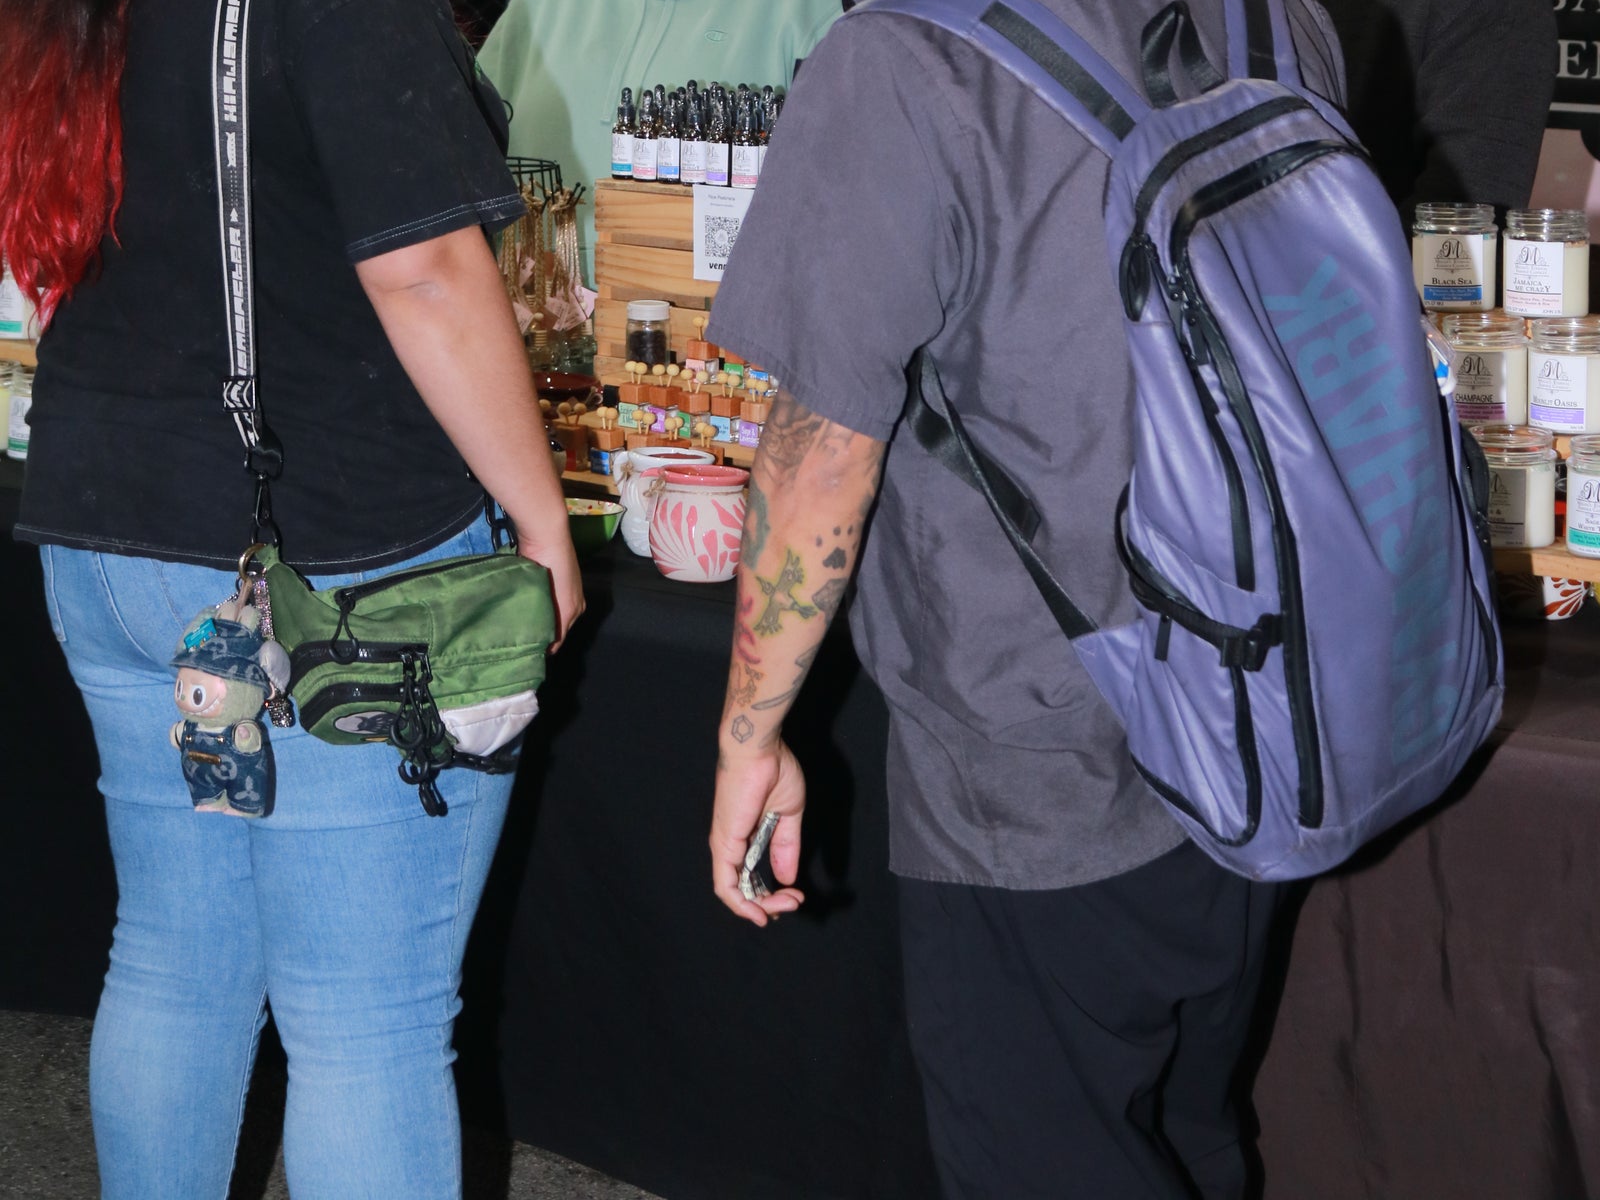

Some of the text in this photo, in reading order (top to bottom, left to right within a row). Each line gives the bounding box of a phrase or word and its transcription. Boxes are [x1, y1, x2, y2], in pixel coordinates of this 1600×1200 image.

[1458, 277, 1473, 285] SEA
[1513, 277, 1543, 287] JAMAICA
[1526, 285, 1550, 293] CRAZY
[1455, 393, 1494, 403] CHAMPAGNE
[1554, 398, 1578, 407] OASIS
[1263, 255, 1459, 766] GYMSHARK
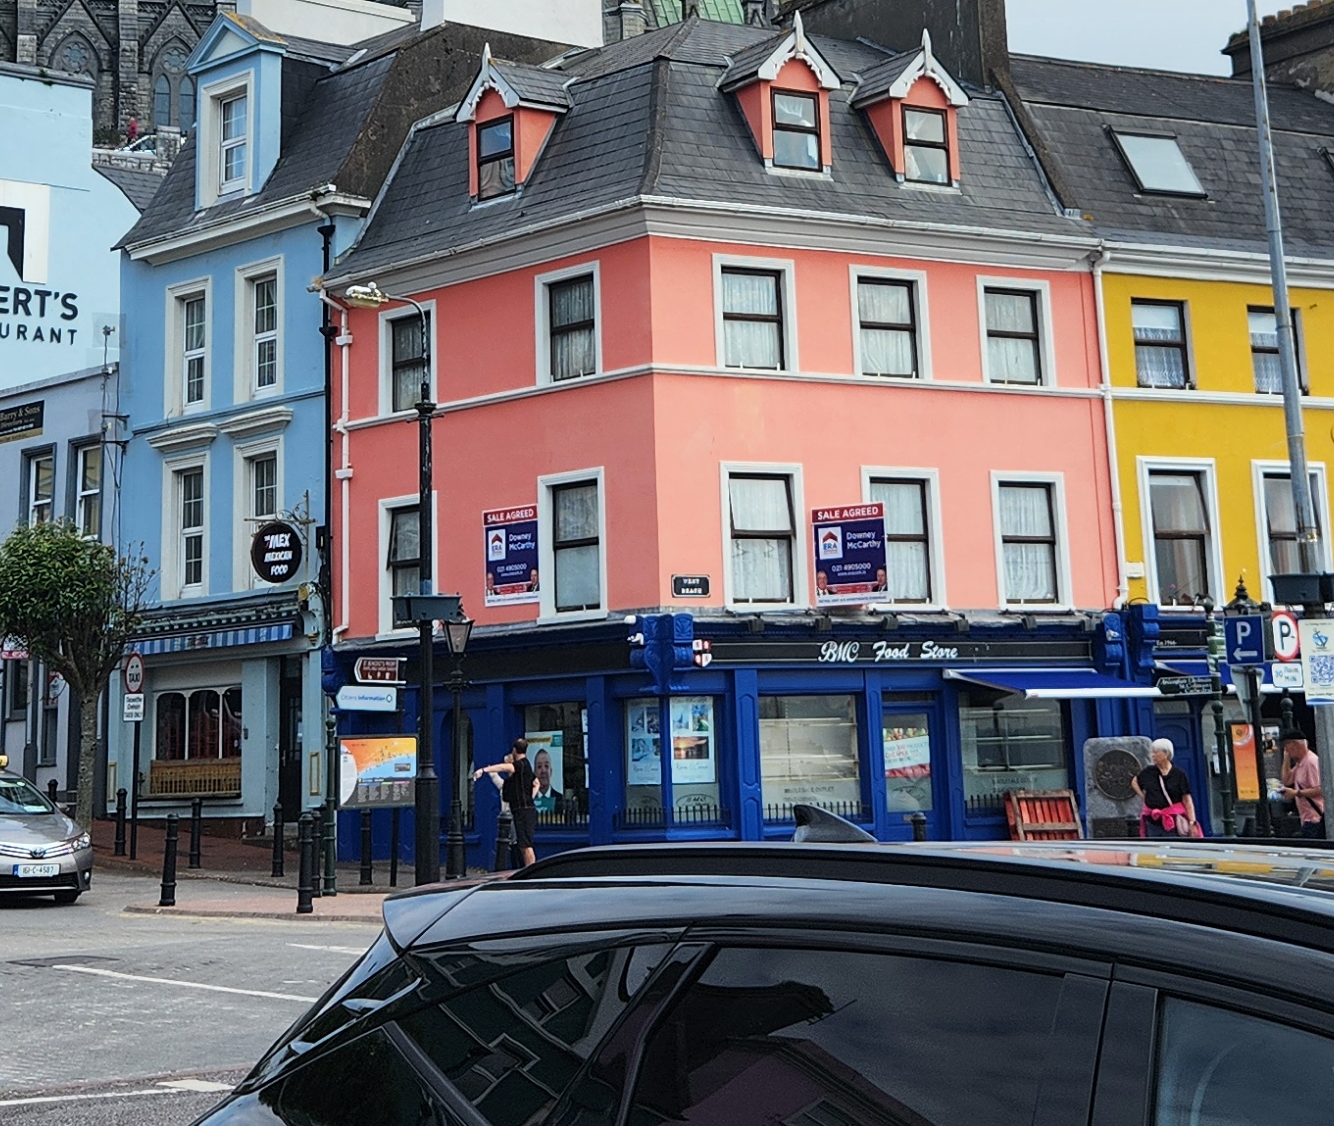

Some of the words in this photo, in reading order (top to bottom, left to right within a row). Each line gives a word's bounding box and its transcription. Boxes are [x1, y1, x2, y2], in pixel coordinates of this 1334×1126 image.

[0, 411, 18, 424] Barry
[18, 410, 24, 418] &
[25, 405, 41, 416] Sons
[487, 512, 505, 523] SALE
[506, 508, 534, 520] AGREED
[817, 510, 840, 521] SALE
[842, 506, 879, 518] AGREED
[269, 533, 291, 549] MEX
[508, 533, 532, 542] Downey
[846, 531, 876, 540] Downey
[508, 541, 535, 551] McCarthy
[847, 539, 881, 549] McCarthy
[270, 564, 289, 575] FOOD
[1236, 621, 1251, 645] P
[1278, 620, 1291, 650] P
[818, 640, 860, 662] BMC
[872, 641, 910, 662] Food
[920, 640, 959, 659] Store

Goal of the exercise: Only the pictures may be dropped when you copy the data above; everything else stays exact.

Task response:
Some of the text in this photo, in reading order (top to bottom, left to right within a row). Each line gives the bounding box of a phrase or word and its transcription. Boxes are [x1, y1, x2, y2], in pixel coordinates of this 1600×1200 image.

[1458, 277, 1473, 285] SEA
[1513, 277, 1543, 287] JAMAICA
[1526, 285, 1550, 293] CRAZY
[1455, 393, 1494, 403] CHAMPAGNE
[1554, 398, 1578, 407] OASIS
[1263, 255, 1459, 766] GYMSHARK

Some of the words in this photo, in reading order (top to bottom, left to right within a row). Each line gives a word's bounding box and its transcription. Boxes are [x1, y1, x2, y2], in pixel coordinates of this 1334×1126 image.

[0, 411, 18, 424] Barry
[18, 410, 24, 418] &
[25, 405, 41, 416] Sons
[487, 512, 505, 523] SALE
[506, 508, 534, 520] AGREED
[817, 510, 840, 521] SALE
[842, 506, 879, 518] AGREED
[269, 533, 291, 549] MEX
[508, 533, 532, 542] Downey
[846, 531, 876, 540] Downey
[508, 541, 535, 551] McCarthy
[847, 539, 881, 549] McCarthy
[270, 564, 289, 575] FOOD
[1236, 621, 1251, 645] P
[1278, 620, 1291, 650] P
[818, 640, 860, 662] BMC
[872, 641, 910, 662] Food
[920, 640, 959, 659] Store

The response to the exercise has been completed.